A practical risk assessment for this work should cover the following task stages: access to tank or tanker, climbing ladders or stairs, movement on fixed-roof or dome-roof surfaces, opening hatches, sampling and gauging, handling and transporting samples, descent, and departure from the area.

  • Falls from ladders, stairs, platforms, tanker top walkways, tank roofs, and through openings
  • Loss of balance on curved or sloped dome roofs, especially in rain, ice, wind, poor lighting, or while carrying equipment
  • Slip and trip hazards from wet/oily surfaces, hoses, sample lines, uneven roof plates, and poor housekeeping
  • Exposure to flammable vapours at hatch openings during sampling, gauging, and quantity measurement
  • Ignition from static electricity, non-rated electrical equipment, vehicles, phones, torches, metal impact, or smoking materials
  • Manual-handling strain from sample thieves, tapes, water-finding paste, bonding leads, and filled sample containers
  • Vehicle hazards around road tankers, including movement, reversing, and struck-by risk
  • Potential confined-space escalation if any part of the body enters a tank opening beyond normal external sampling/gauging, or if rescue/retrieval from an opening is required
  • Weather and environmental hazards such as heat stress, cold stress, lightning, and reduced grip on curved roofs

[2] [10] [15] For storage tanks and road tankers, the preferred control is to avoid climbing and opening hatches whenever reasonably practicable.
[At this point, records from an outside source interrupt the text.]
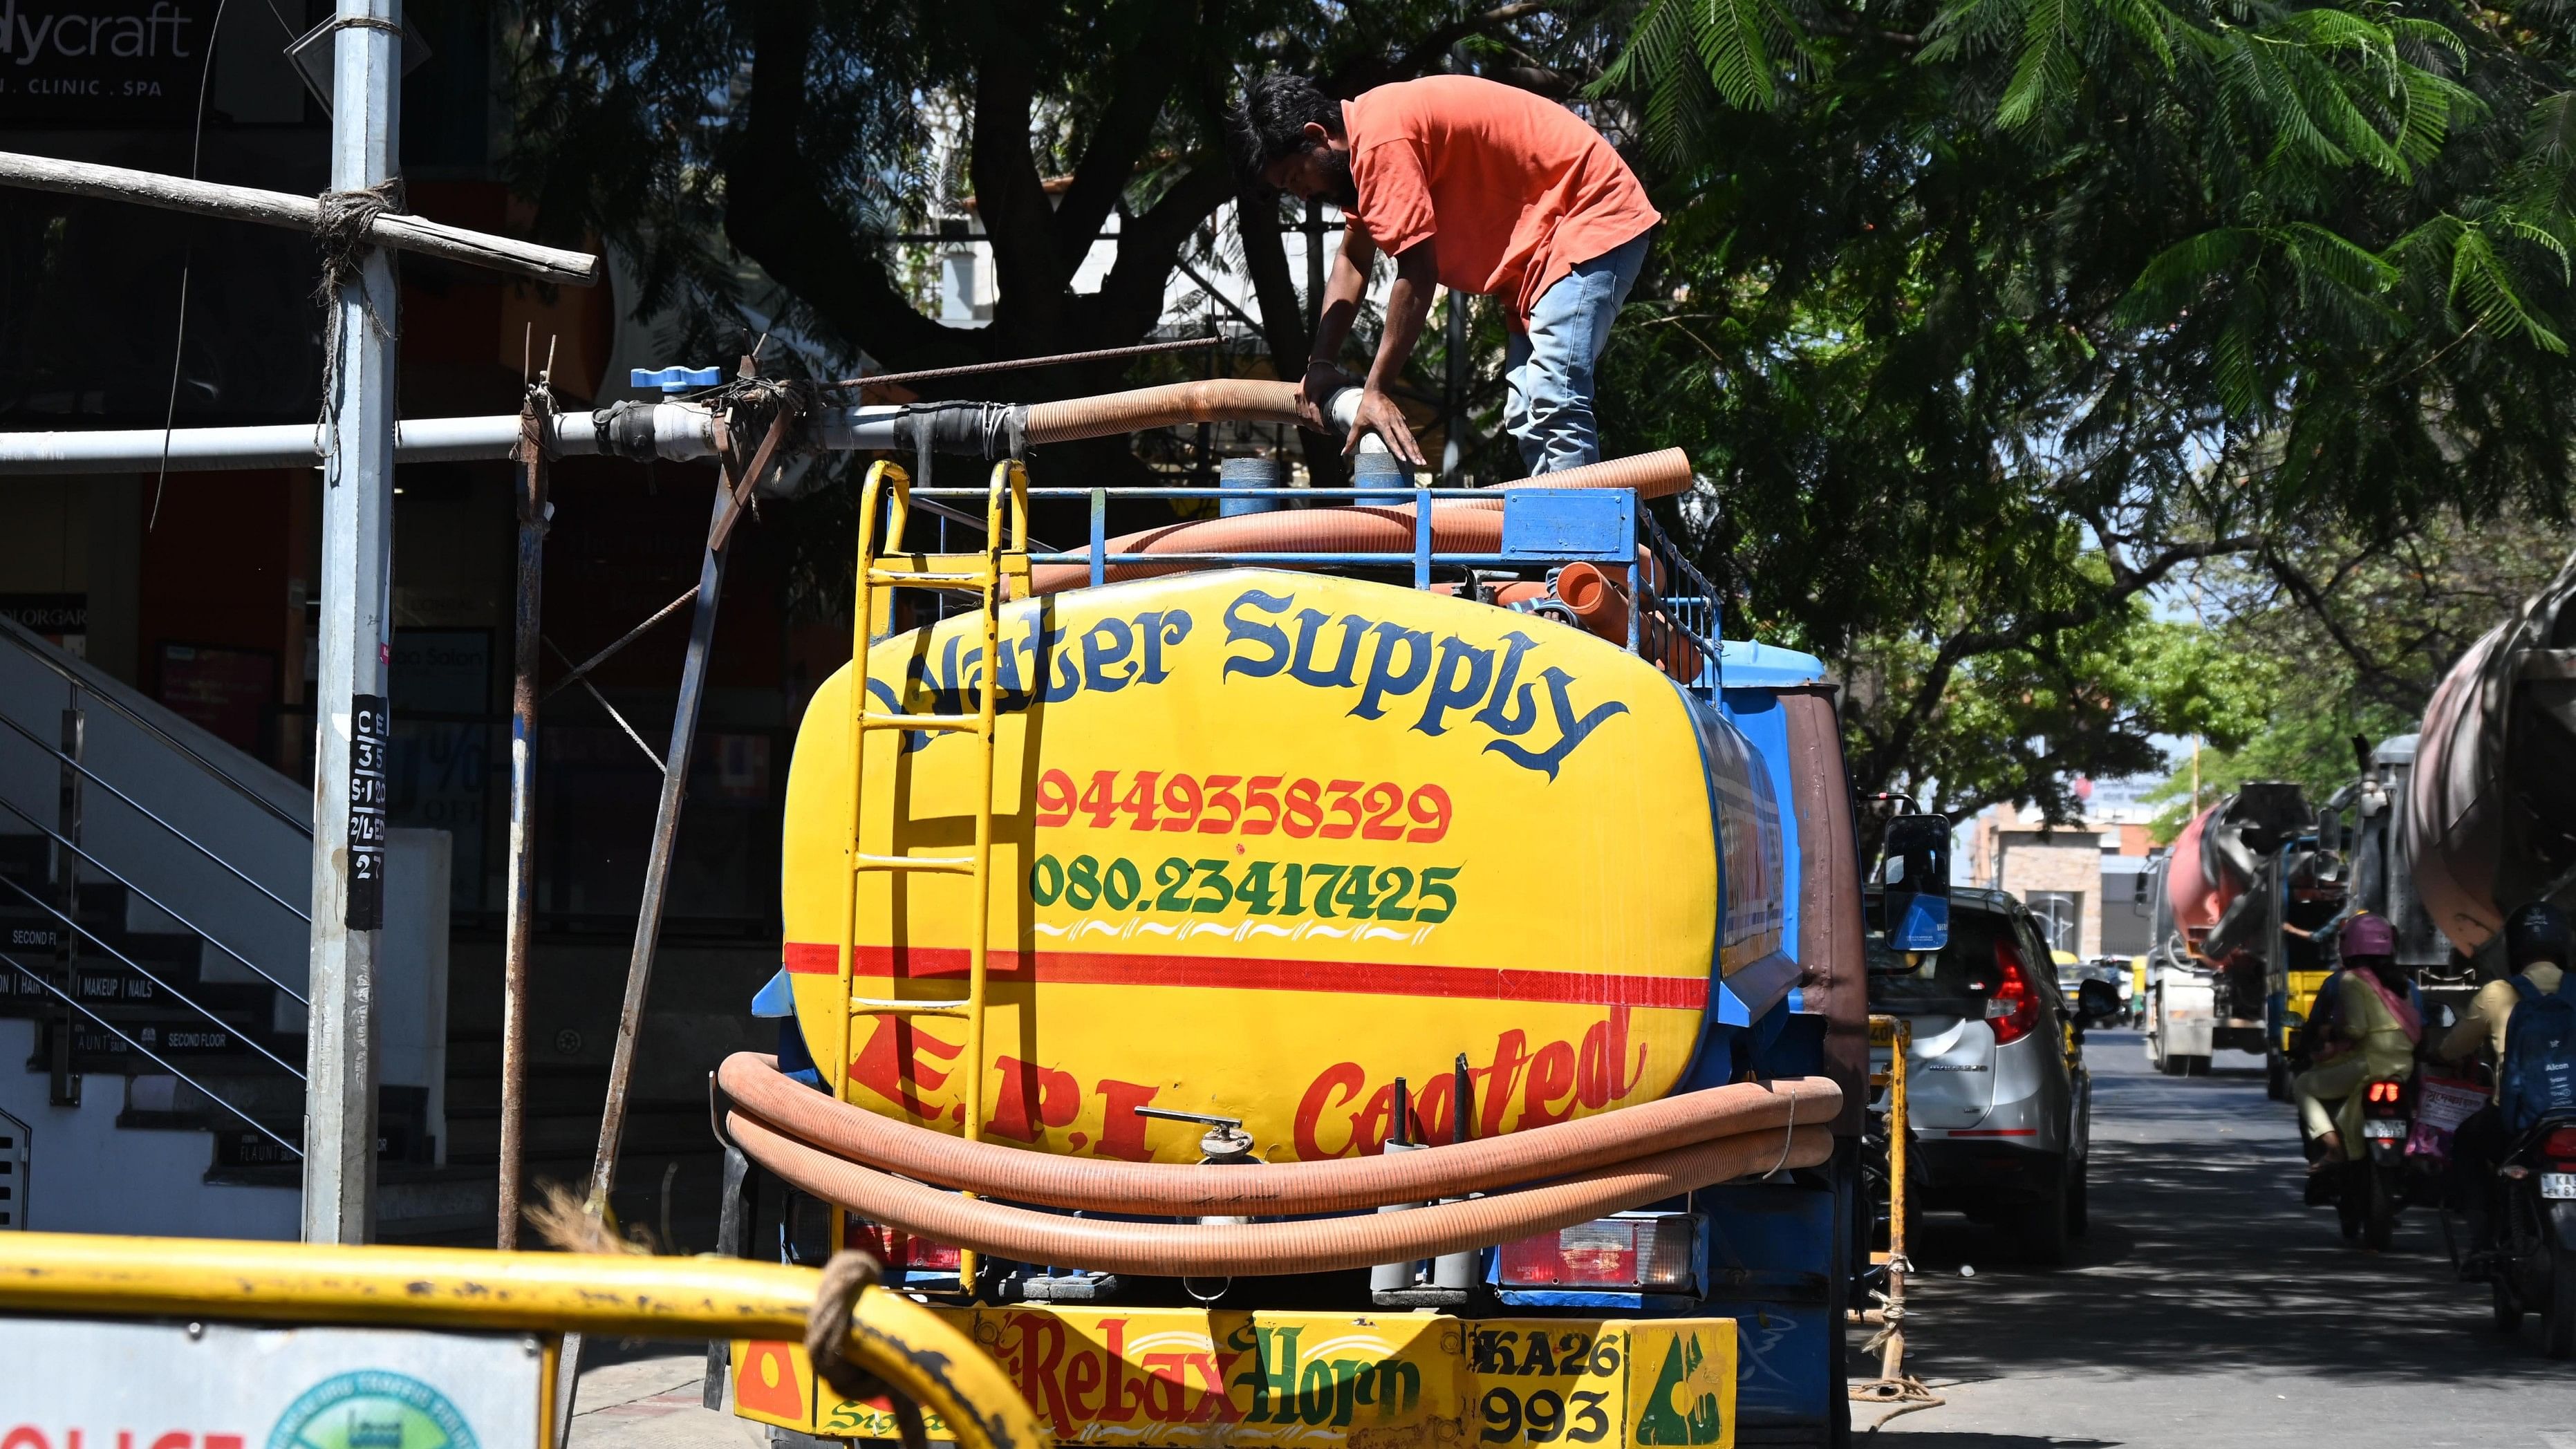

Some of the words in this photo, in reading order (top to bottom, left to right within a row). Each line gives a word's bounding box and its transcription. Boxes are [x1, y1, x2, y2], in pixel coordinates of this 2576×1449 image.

[28, 79, 100, 95] CLINIC
[123, 80, 162, 97] SPA
[866, 605, 1193, 756] Water
[358, 745, 383, 769] 35
[1034, 769, 1453, 844] 9449358329
[356, 854, 382, 879] 27
[1029, 853, 1466, 924] 080.23417425
[13, 931, 47, 945] SECOND
[84, 977, 118, 997] MAKEUP
[128, 979, 153, 998] NAILS
[168, 1033, 199, 1047] SECOND
[200, 1034, 227, 1047] FLOOR
[2545, 1063, 2569, 1072] Alcon
[1294, 1006, 1648, 1162] Coated
[240, 1145, 277, 1161] FLAUNT
[1476, 1329, 1622, 1378] KA26
[1228, 1315, 1421, 1425] Horn
[1479, 1387, 1610, 1445] 993
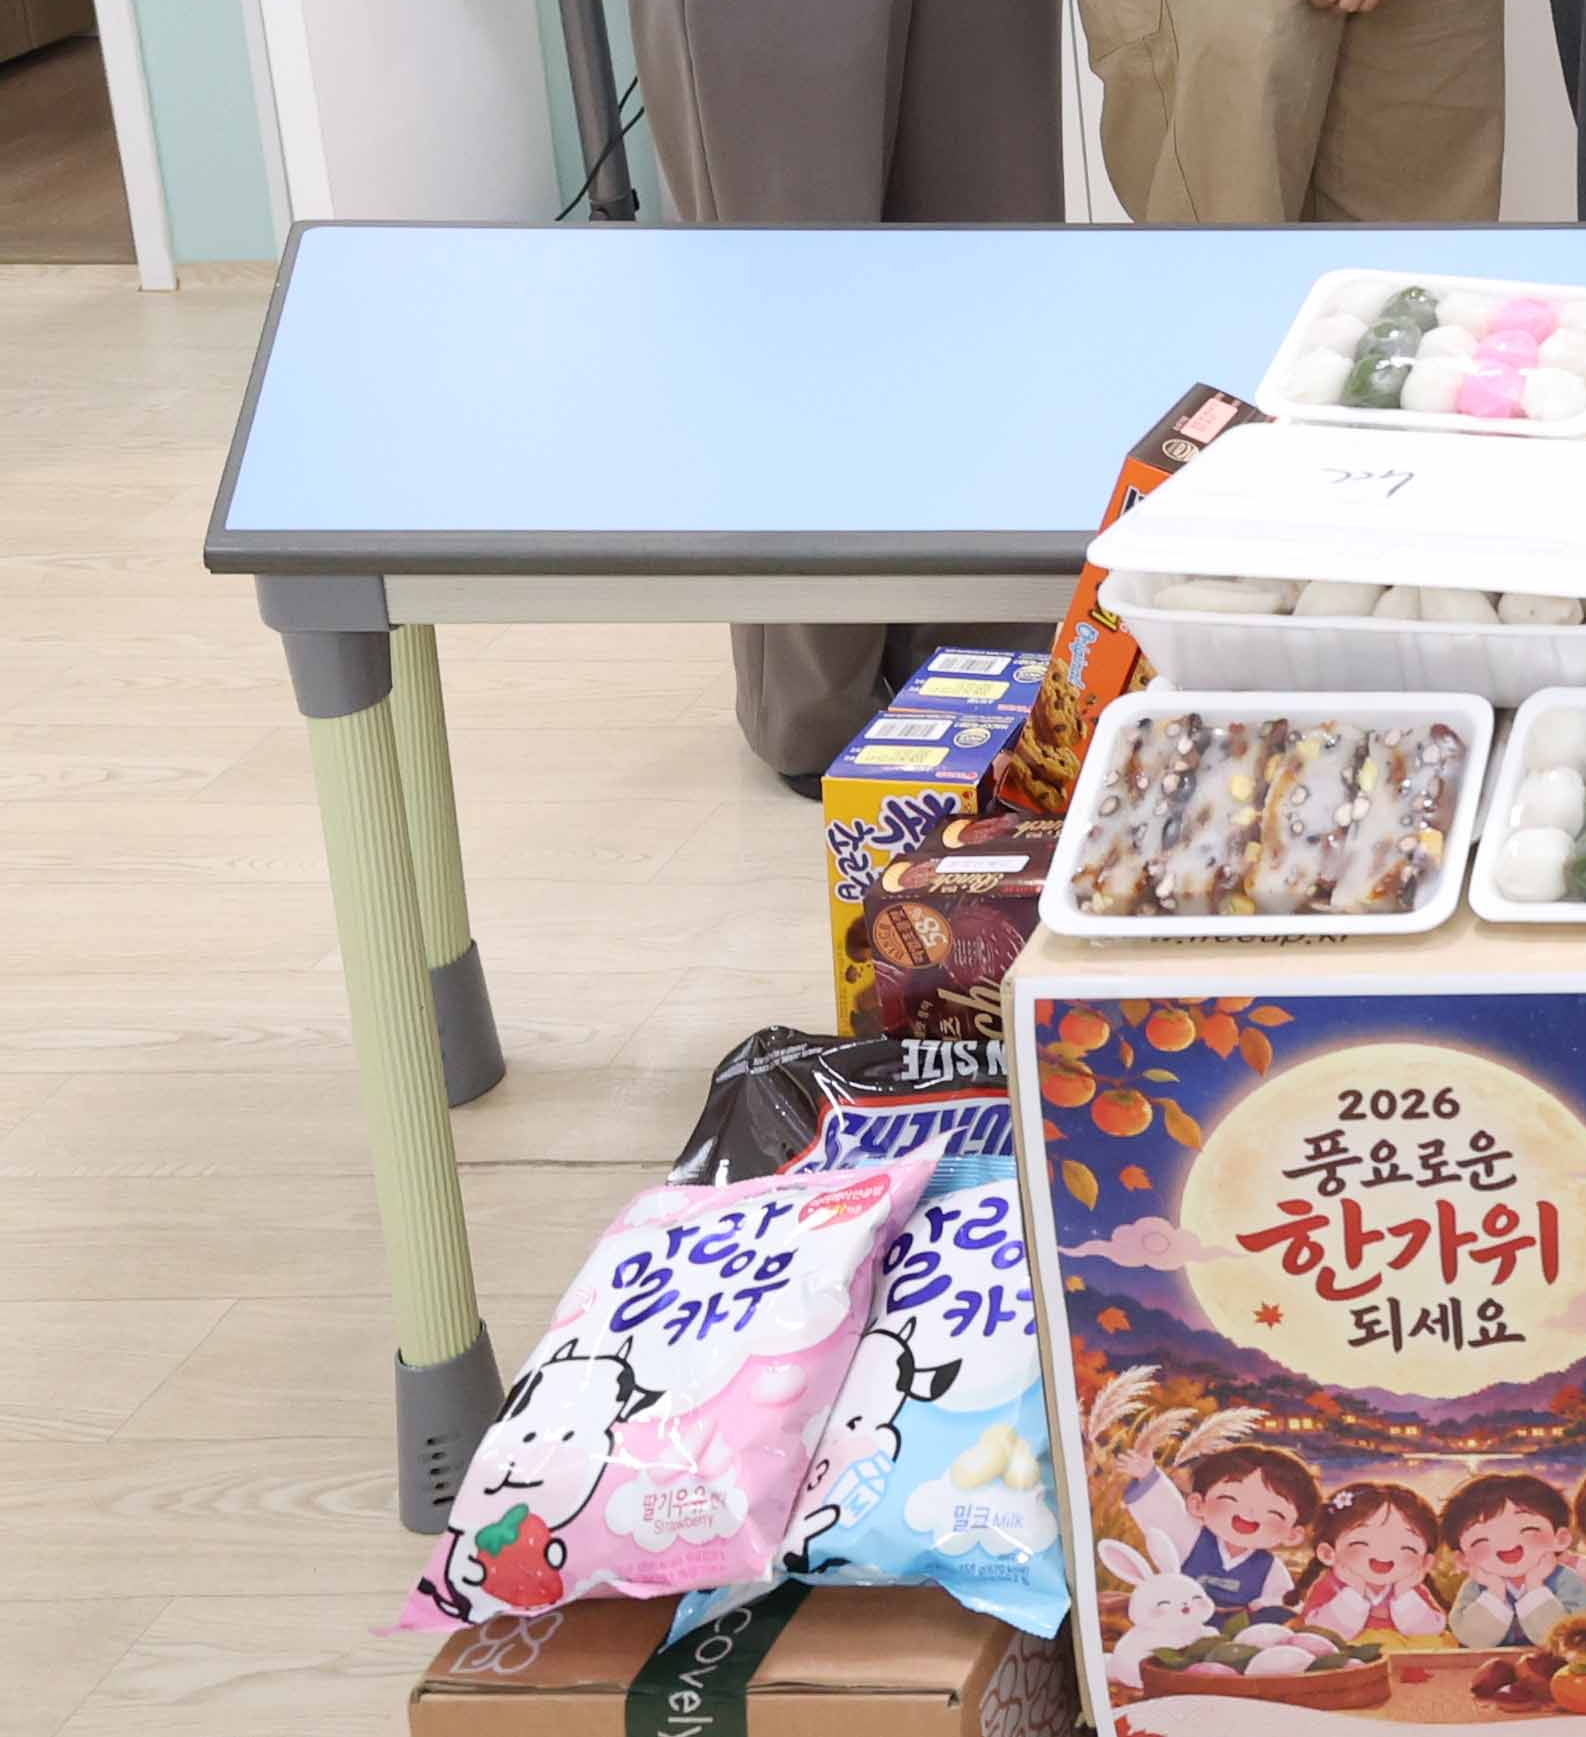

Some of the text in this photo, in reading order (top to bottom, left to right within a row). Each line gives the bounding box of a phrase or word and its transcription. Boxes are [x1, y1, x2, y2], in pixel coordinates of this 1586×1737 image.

Use closed or lower-risk systems first, such as fixed sampling points, closed-loop sampling, automatic gauging, remote level measurement, or sampling from grade-level cabinets. If the task cannot be eliminated, use the hierarchy of controls: engineered access platforms and guarded walkways before ladders; fixed guardrails before personal fall arrest; and administrative controls and PPE only as supporting measures. [2]

Safe work procedure for routine sampling and gauging:

  1. Confirm the task scope, product, tank/tanker identity, sampling point, and whether hatch opening is actually necessary.
  2. Review the task-specific risk assessment, hazardous-area classification, weather, lighting, and nearby operations such as loading, venting, hot work, or vehicle movement.
  3. Issue the required permit to work. At minimum this is typically a general/task permit for petroleum operations; add confined-space, hot-work, isolation, or line-breaking permits if conditions require them.
  4. Verify the tank or tanker is stable and safe to access. For road tankers, immobilize the vehicle, apply brakes/chocks as required by site rules, and control traffic around the work area.
  5. Inspect access systems before use: stairs, ladders, cages, platforms, handrails, tanker top gantries, and anchor points. Do not use damaged or contaminated access equipment.
  6. Inspect fall-protection equipment before use and ensure the selected system matches the task: travel restraint is preferred where possible; fall arrest only where a fall cannot be prevented and rescue is assured.
  7. Use intrinsically safe or otherwise area-approved equipment only. Bond/earth equipment where required by site procedures, and control static-generating clothing or tools.
  8. Test the atmosphere if required by site rules or if there is any doubt about vapour accumulation, especially near hatch openings, floating roofs, domes, sumps, or partially enclosed areas.
  9. Ascend maintaining three points of contact and keep hands free by using tool bags, hoists, or shoulder straps rather than carrying loose items while climbing.
  10. Before stepping onto a roof, confirm the walking surface, route, edge protection, and anchor/tie-off arrangement. Avoid stepping onto curved or wet surfaces unless the route and footing are controlled.
  11. Position yourself upwind where possible before cracking open a hatch. Open slowly to relieve pressure and avoid standing directly over the opening.
  12. Keep face and breathing zone away from the hatch. Minimize opening size and opening time. Never lean into the opening or place any part of the body inside unless the job has been reclassified and controlled as confined-space entry.
  13. Take the sample using non-sparking, compatible, clean equipment. Avoid overfilling containers. Cap and label samples immediately.
  14. Carry out gauging/quantity measurement using approved tapes, gauges, and procedures that minimize splash, vapour release, and static generation.
  15. Close and secure the hatch promptly after sampling/gauging. Confirm seals, caps, and locks are reinstated.
  16. Descend carefully, maintaining three points of contact, and transport samples in suitable carriers or secondary containment to the designated sample handling area.
  17. Record the sample, any abnormal conditions, gas-test results if taken, and any defects in access, fall protection, or tank condition.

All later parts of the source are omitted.